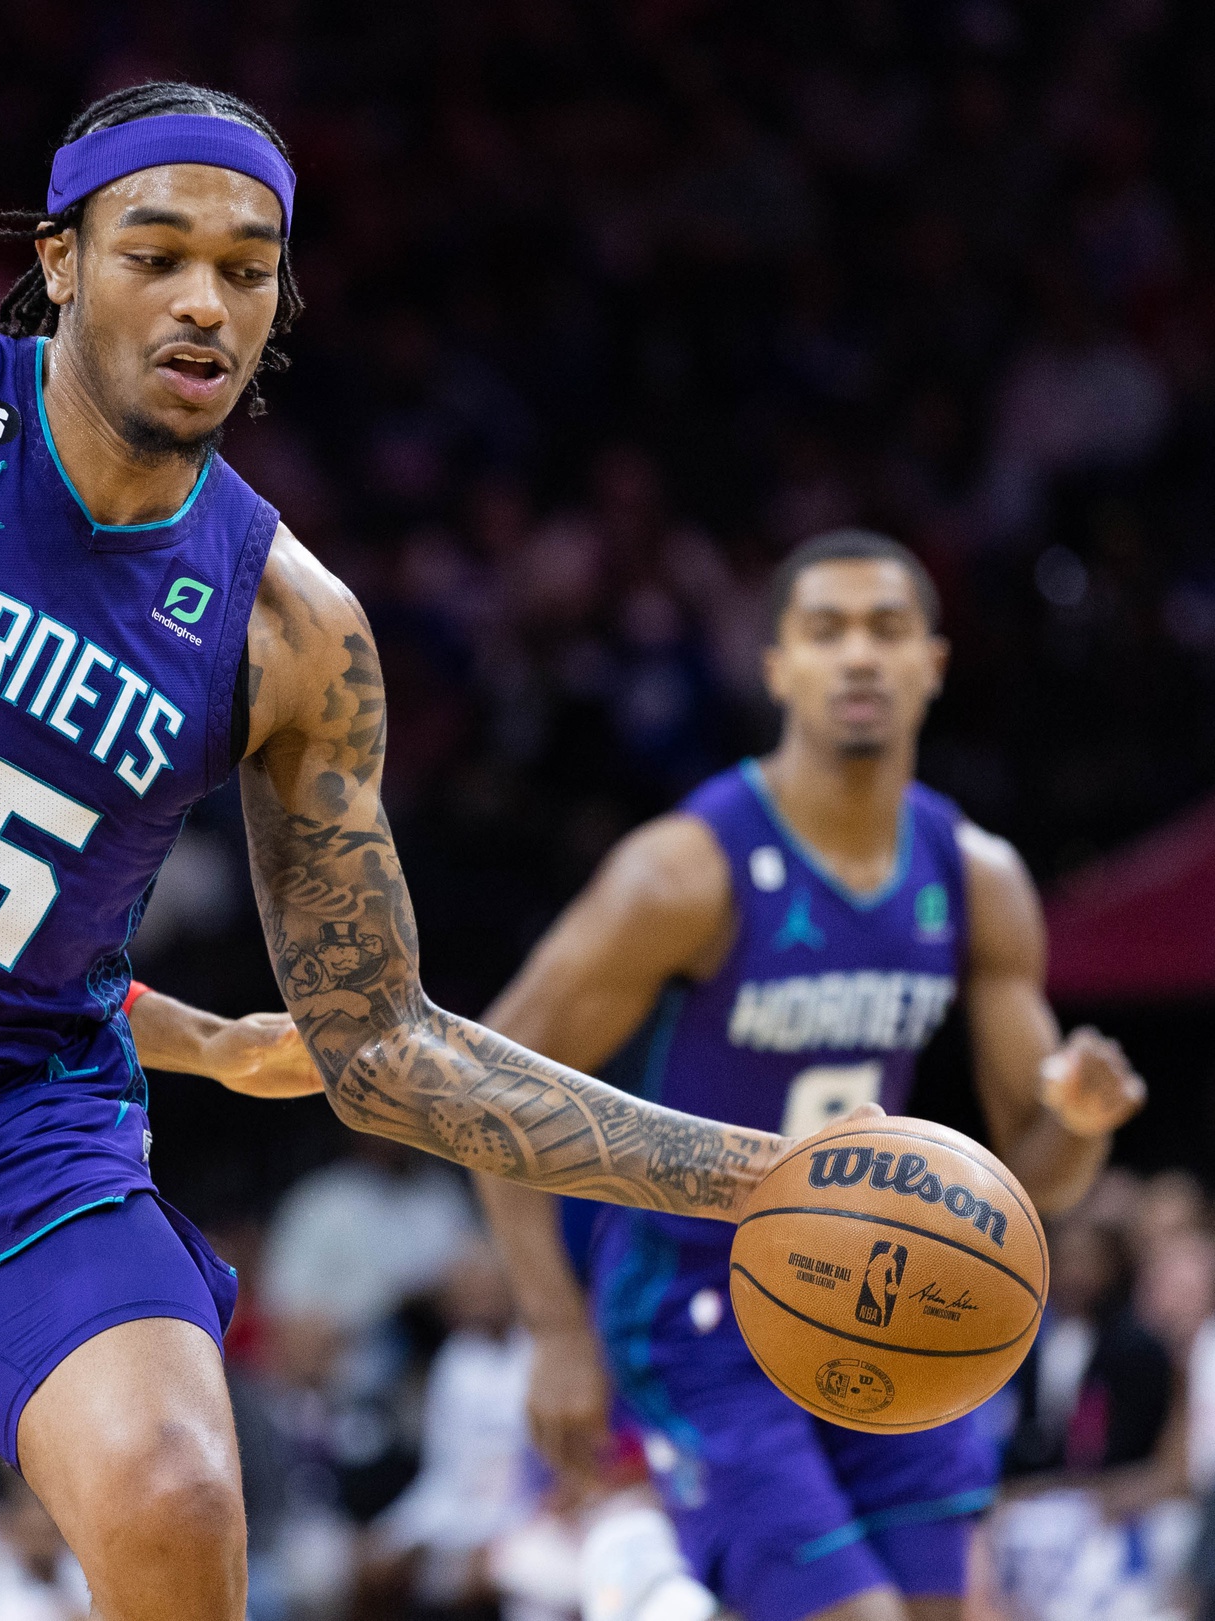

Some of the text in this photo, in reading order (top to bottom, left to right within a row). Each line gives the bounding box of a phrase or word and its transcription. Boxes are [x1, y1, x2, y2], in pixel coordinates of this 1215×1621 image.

[151, 607, 203, 647] lendingtree
[808, 1147, 1008, 1248] Wilson
[788, 1252, 851, 1282] OFFICIAL GAME BALL
[859, 1305, 878, 1322] NBA

------

__What the exercise asks__: Restate each line above exactly, keeping pictures out.

__Exercise response__:
Some of the text in this photo, in reading order (top to bottom, left to right within a row). Each line gives the bounding box of a phrase or word and its transcription. Boxes are [x1, y1, x2, y2], in pixel coordinates of this 1215×1621 image.

[151, 607, 203, 647] lendingtree
[808, 1147, 1008, 1248] Wilson
[788, 1252, 851, 1282] OFFICIAL GAME BALL
[859, 1305, 878, 1322] NBA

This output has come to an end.